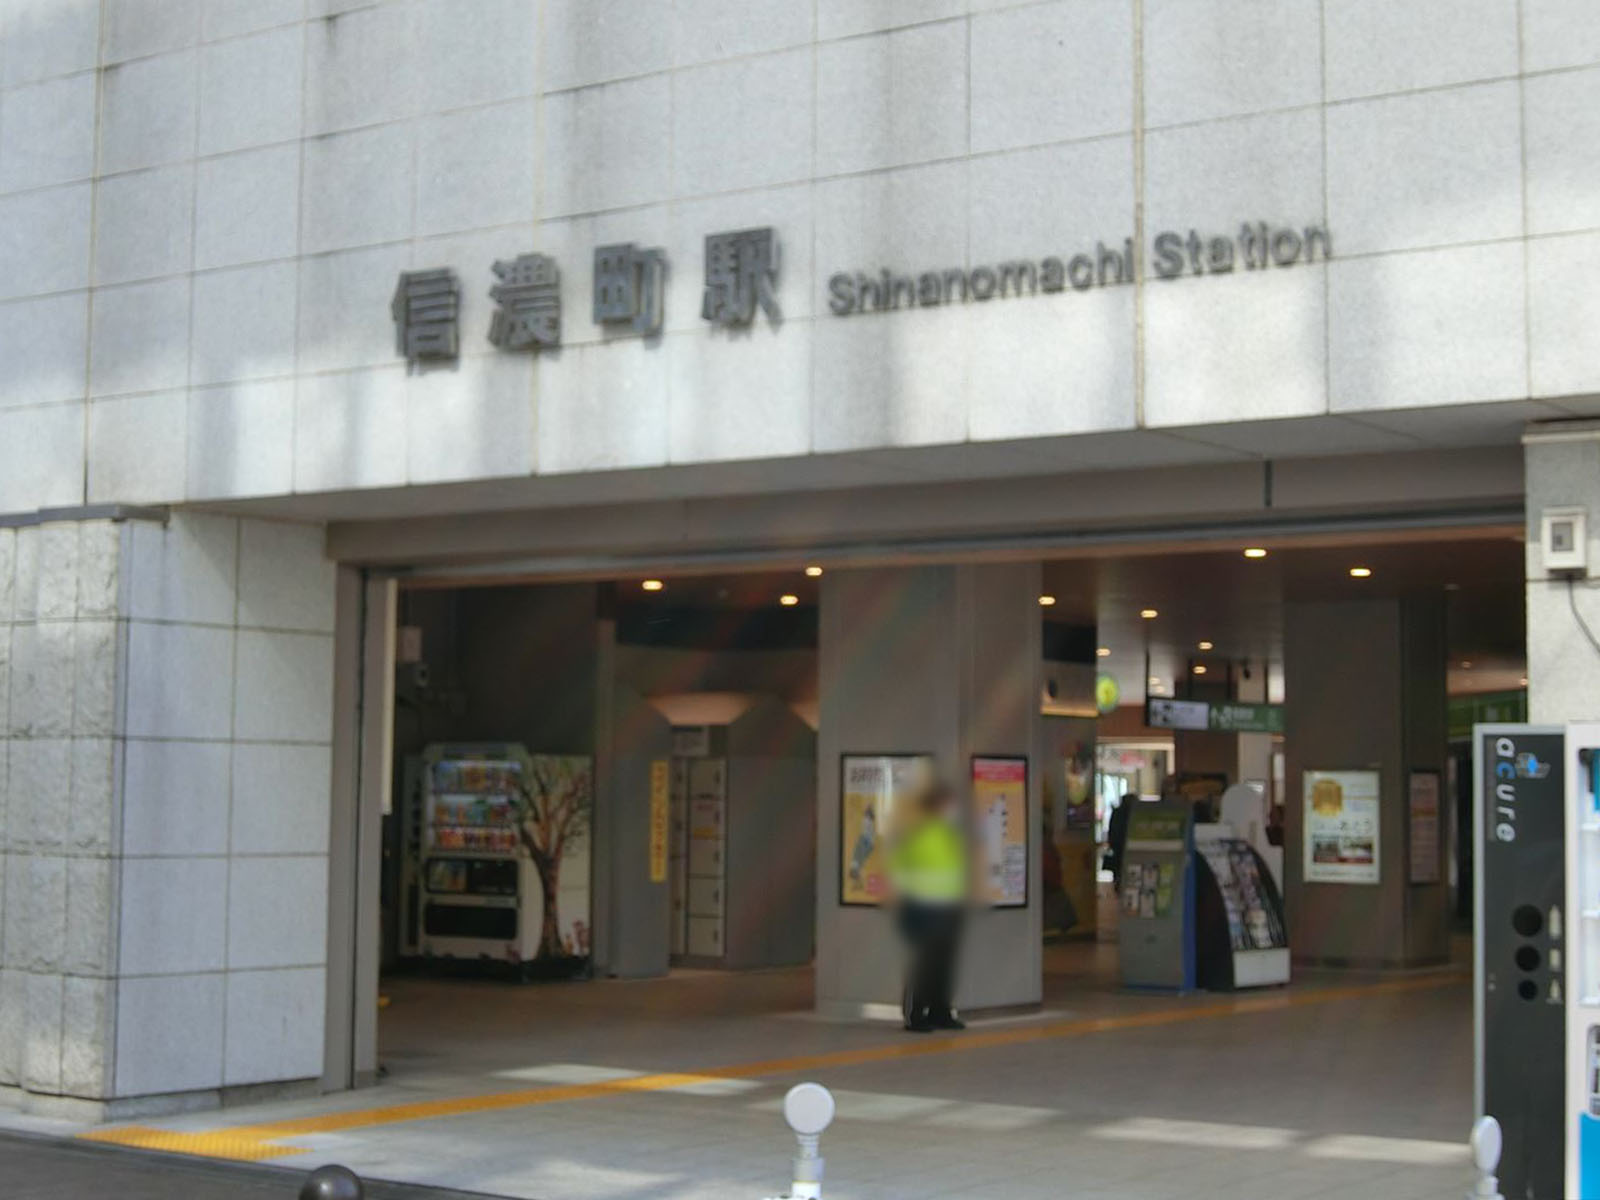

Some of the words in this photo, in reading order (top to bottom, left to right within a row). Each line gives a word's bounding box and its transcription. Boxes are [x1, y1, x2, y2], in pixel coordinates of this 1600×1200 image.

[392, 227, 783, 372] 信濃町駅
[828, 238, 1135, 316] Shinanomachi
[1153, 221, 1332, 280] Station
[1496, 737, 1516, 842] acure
|---|
__Exercise directions__: Exact copy, no pictures: please print the data above once more.

__Solution below__:
Some of the words in this photo, in reading order (top to bottom, left to right within a row). Each line gives a word's bounding box and its transcription. Boxes are [x1, y1, x2, y2], in pixel coordinates of this 1600×1200 image.

[392, 227, 783, 372] 信濃町駅
[828, 238, 1135, 316] Shinanomachi
[1153, 221, 1332, 280] Station
[1496, 737, 1516, 842] acure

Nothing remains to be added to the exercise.